What are reciprocity agreements and why do they matter?
- Reciprocity Agreements and Their Importance:
- Reciprocity agreements play a crucial role when making 13th Directive VAT refund claims.
- Each EU Member State has different rules and conditions for VAT refunds.
- One of the conditions that EU Member States may require is a reciprocity agreement.
- A reciprocity agreement ensures that VAT is refundable only when a similar tax is refundable for local businesses in the applicant’s country.
- Pre-Brexit and Post-Brexit Scenarios:
- Before Brexit, UK businesses could make VAT refund claims through the EU VAT Refund Directive (8th Directive).
- Post-Brexit, the UK falls within the 13th Directive Refund Scheme as a non-EU business.
- The Free Trade and Cooperation Agreement between the UK and EU does not specifically address reciprocity in VAT refund claims.
- Current Reciprocity Agreements:
- Official announcements regarding reciprocity agreements with the UK have been made by Germany, Italy.
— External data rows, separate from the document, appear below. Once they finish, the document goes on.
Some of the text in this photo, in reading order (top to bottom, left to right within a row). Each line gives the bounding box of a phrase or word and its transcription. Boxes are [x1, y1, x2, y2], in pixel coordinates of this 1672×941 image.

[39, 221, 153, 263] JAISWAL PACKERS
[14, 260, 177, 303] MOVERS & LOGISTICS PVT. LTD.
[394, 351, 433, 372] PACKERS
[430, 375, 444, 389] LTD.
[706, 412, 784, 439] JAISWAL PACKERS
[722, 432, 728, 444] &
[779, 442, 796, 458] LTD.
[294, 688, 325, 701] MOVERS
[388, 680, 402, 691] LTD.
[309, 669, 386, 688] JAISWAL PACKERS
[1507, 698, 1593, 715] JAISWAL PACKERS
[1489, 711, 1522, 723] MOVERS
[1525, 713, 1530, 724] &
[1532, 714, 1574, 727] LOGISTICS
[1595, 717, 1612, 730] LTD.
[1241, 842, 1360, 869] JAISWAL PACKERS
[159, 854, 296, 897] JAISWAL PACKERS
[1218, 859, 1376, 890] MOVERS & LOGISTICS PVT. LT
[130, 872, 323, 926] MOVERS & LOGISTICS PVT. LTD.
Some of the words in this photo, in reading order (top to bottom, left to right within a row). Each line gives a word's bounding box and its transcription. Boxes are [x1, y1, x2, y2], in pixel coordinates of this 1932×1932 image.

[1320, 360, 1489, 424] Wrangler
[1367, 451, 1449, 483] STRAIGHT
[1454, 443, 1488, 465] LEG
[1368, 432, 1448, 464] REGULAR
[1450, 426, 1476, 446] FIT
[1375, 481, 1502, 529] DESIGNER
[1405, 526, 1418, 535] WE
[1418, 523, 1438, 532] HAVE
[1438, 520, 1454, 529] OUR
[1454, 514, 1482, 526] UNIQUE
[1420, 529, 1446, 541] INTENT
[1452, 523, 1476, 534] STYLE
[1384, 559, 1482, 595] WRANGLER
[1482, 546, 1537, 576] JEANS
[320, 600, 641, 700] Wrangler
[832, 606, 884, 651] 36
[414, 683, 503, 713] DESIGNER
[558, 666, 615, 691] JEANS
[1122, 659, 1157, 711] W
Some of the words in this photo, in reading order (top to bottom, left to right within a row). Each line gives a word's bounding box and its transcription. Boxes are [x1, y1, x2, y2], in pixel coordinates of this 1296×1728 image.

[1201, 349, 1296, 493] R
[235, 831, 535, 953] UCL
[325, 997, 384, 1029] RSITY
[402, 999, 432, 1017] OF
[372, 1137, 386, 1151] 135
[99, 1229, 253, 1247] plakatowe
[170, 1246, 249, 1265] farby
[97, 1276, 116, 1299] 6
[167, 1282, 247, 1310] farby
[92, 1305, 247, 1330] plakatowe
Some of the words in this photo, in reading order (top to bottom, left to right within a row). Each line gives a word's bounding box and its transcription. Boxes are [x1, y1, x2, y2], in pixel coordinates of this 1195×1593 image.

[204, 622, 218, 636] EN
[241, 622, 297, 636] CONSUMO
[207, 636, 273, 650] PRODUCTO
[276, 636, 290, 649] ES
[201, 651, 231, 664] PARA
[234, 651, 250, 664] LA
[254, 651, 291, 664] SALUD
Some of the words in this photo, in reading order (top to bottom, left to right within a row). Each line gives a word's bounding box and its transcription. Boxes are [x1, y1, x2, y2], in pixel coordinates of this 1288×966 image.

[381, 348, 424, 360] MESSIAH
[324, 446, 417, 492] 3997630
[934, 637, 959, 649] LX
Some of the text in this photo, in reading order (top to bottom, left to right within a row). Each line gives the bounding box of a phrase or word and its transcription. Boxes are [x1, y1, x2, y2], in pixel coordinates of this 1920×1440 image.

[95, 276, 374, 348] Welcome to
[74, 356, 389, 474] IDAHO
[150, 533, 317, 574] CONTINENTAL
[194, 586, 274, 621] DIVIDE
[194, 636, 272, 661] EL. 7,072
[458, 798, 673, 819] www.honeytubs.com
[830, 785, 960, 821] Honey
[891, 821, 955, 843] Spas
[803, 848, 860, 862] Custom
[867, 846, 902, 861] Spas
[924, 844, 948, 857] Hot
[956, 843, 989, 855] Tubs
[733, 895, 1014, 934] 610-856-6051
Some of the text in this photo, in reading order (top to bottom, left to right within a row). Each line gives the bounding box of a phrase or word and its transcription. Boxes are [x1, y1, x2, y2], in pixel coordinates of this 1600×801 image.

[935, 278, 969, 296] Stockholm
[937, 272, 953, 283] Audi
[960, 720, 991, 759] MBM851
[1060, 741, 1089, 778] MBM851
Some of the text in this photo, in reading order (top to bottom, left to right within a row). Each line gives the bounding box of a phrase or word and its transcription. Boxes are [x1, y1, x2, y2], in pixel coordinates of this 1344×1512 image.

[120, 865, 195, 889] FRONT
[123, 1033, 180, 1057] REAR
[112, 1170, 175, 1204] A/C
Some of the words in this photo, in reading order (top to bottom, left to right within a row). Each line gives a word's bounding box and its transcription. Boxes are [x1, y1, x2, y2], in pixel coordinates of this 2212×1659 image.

Spain, and Hungary.
- Ongoing discussions exist between the UK and other EU Member States.
- HMRC (Her Majesty’s Revenue and Customs) states that they will refuse a claim only if the reciprocal country has a scheme for refunding taxes but refuses to allow UK traders a refund.
- HMRC is willing to allow VAT recovery in the UK for EU businesses, provided UK businesses receive the same treatment as the EU.
- Importance of Reciprocity:
- Most EU Member States require reciprocity when making VAT refund claims.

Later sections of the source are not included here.